Multimilionário divulga previsão sobre futuro do Bitcoin

O conflito no Oriente Médio também tem um impacto sobre a criptomoeda.

O bilionário norte-americano Michael Novogratz considera improvável que o bitcoin seja negociado acima dos 100 mil dólares este ano, no contexto do cenário macroeconômico mundial marcado pela agressão dos EUA e de Israel contra o Irã.

O investidor em criptomoedas não vê como possa ocorrer uma "grande explosão" que rompa a barreira dos 100 mil dólares, como aconteceu no final do ano passado. Além disso, ele considera que será preciso "enfrentar alguns obstáculos" quando ultrapassar os 80 mil dólares, segundo o Seeking Alpha em publicação na terça-feira (28).

O magnata das criptomoedas também acredita que, no contexto do conflito no Oriente Médio, haverá uma inflação "feia" que ainda não chegou aos consumidores finais. "Não acredito que o Federal Reserve faça outra coisa além de ficar sentado assistindo", relata a Bloomberg em publicação na terça-feira (28).

Um banco central "flexível"


Novogratz acredita que, para que a criptomoeda ultrapasse os 100 mil dólares, é preciso que ocorra uma espécie de "alta" na qual vários obstáculos devem ser superados, e que não desapareceriam tão rapidamente. Além disso, em sua opinião, "algumas coisas" precisam acontecer, como um "banco central flexível".

No contexto financeiro, um banco central "flexível" implica taxas de juros reduzidas para que haja maior liquidez e, assim, aumente o crédito, o que seria mais benéfico para investir em criptoativos e menos para a poupança tradicional.

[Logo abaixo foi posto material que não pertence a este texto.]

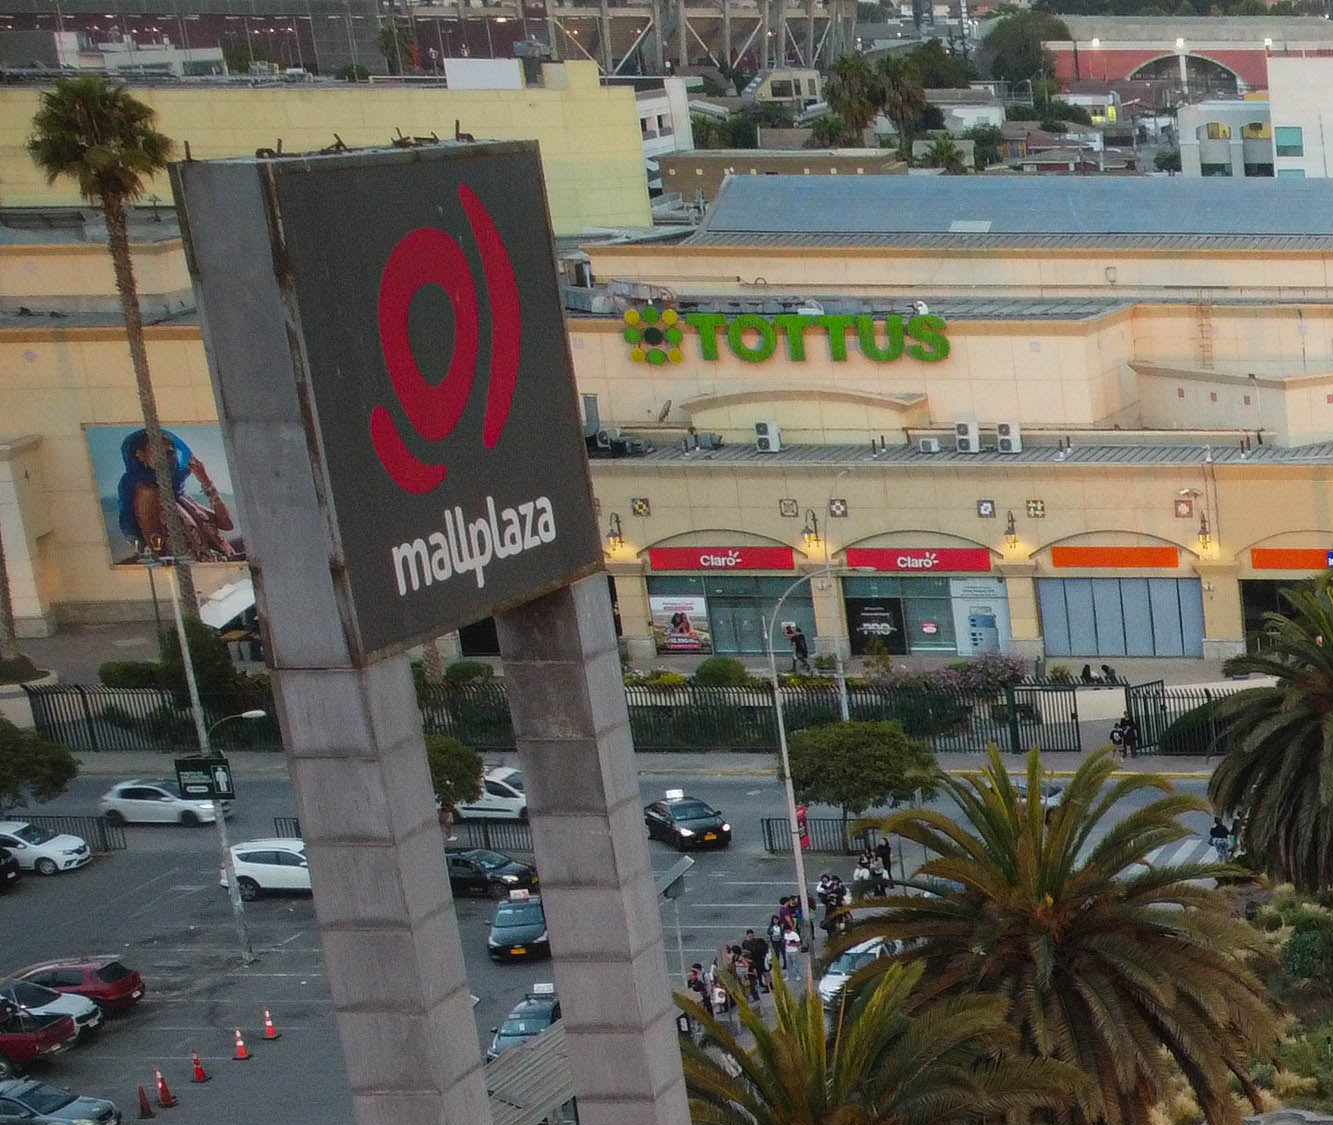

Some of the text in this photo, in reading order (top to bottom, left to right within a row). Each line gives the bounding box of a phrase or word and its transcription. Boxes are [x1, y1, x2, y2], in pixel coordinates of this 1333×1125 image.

O fundador e diretor da empresa Galaxy Digital lembrou que a criptomoeda sofreu uma queda histórica que a levou a US$ 60.000, mas depois se recuperou até atingir US$ 80.000. Atualmente, ela está em cerca de US$ 75.000.

Acredito que será preciso muito trabalho para chegar a 80.000 ou 85.000 dólares. "Depois de superar isso, o próximo passo é chegar a 100.000", acrescentou.

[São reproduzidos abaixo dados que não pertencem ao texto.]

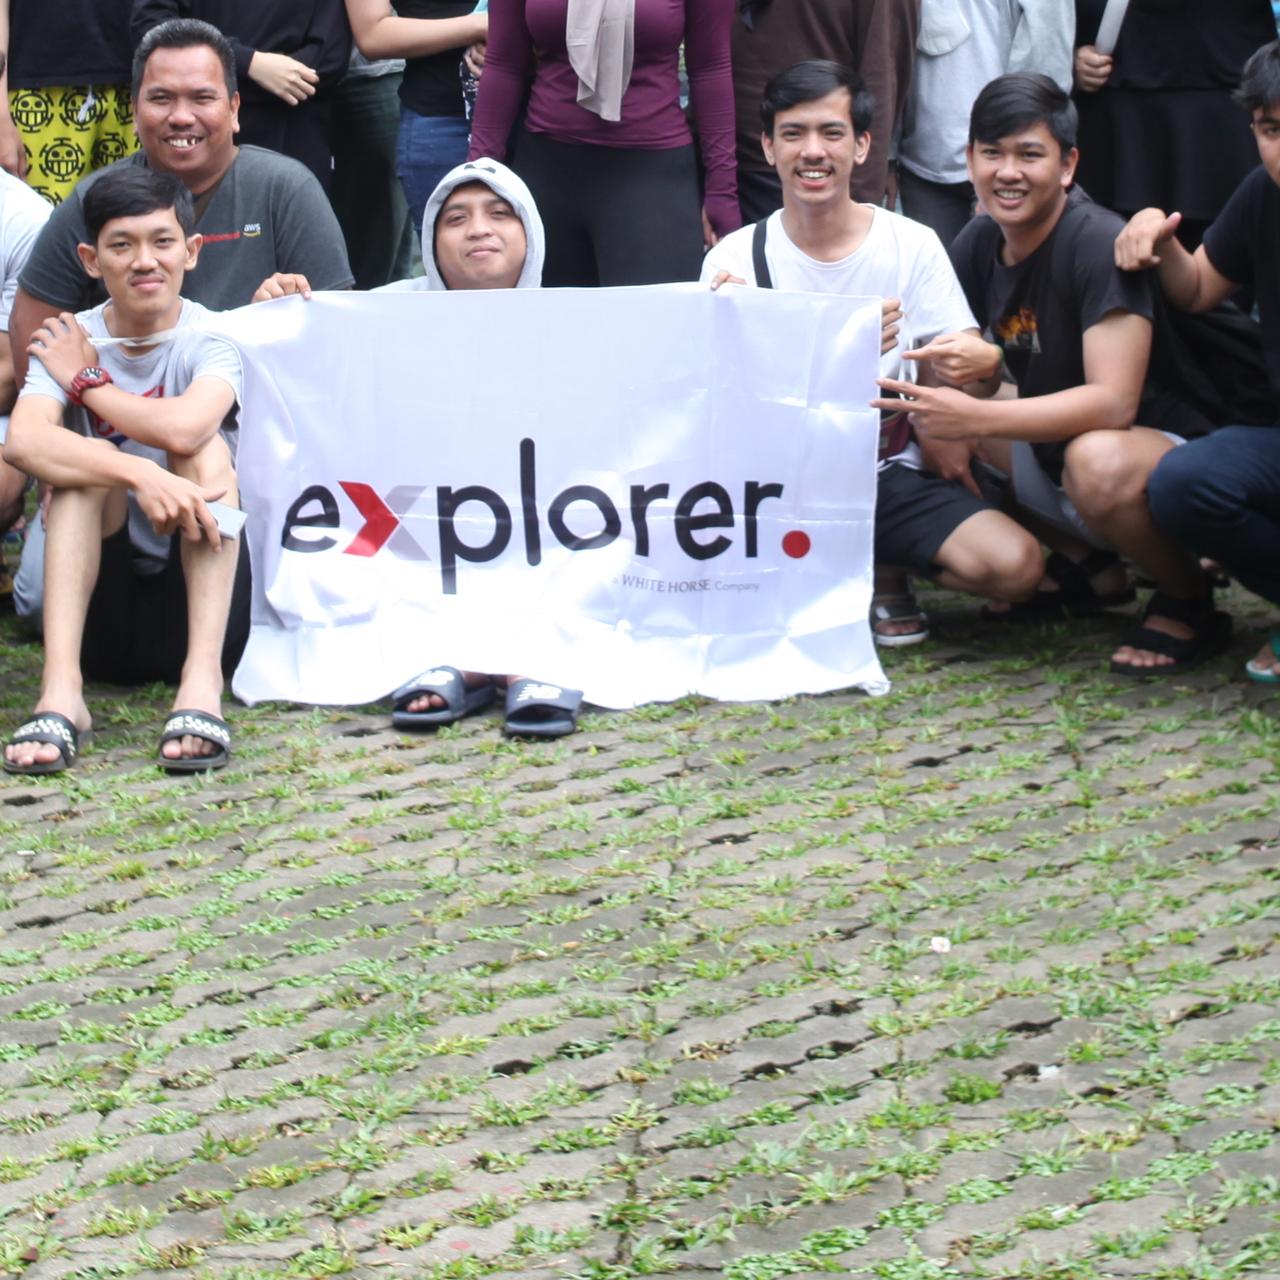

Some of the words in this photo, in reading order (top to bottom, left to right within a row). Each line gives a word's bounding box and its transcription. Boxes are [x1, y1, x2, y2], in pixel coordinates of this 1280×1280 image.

[622, 574, 665, 593] WHITE
[667, 579, 711, 593] HORSE
[714, 580, 760, 593] Company

Os índices do primeiro trimestre deste ano publicados pela empresa Galaxy Digital não são nada animadores. Eles relatam um prejuízo líquido de 216 milhões de dólares entre janeiro e março de 2026 e um lucro por ação "diluído e ajustado" de 0,49 dólares, devido à desvalorização de 20% dos preços dos ativos digitais nesse período, segundo a PR Newswire em publicação na terça-feira (28).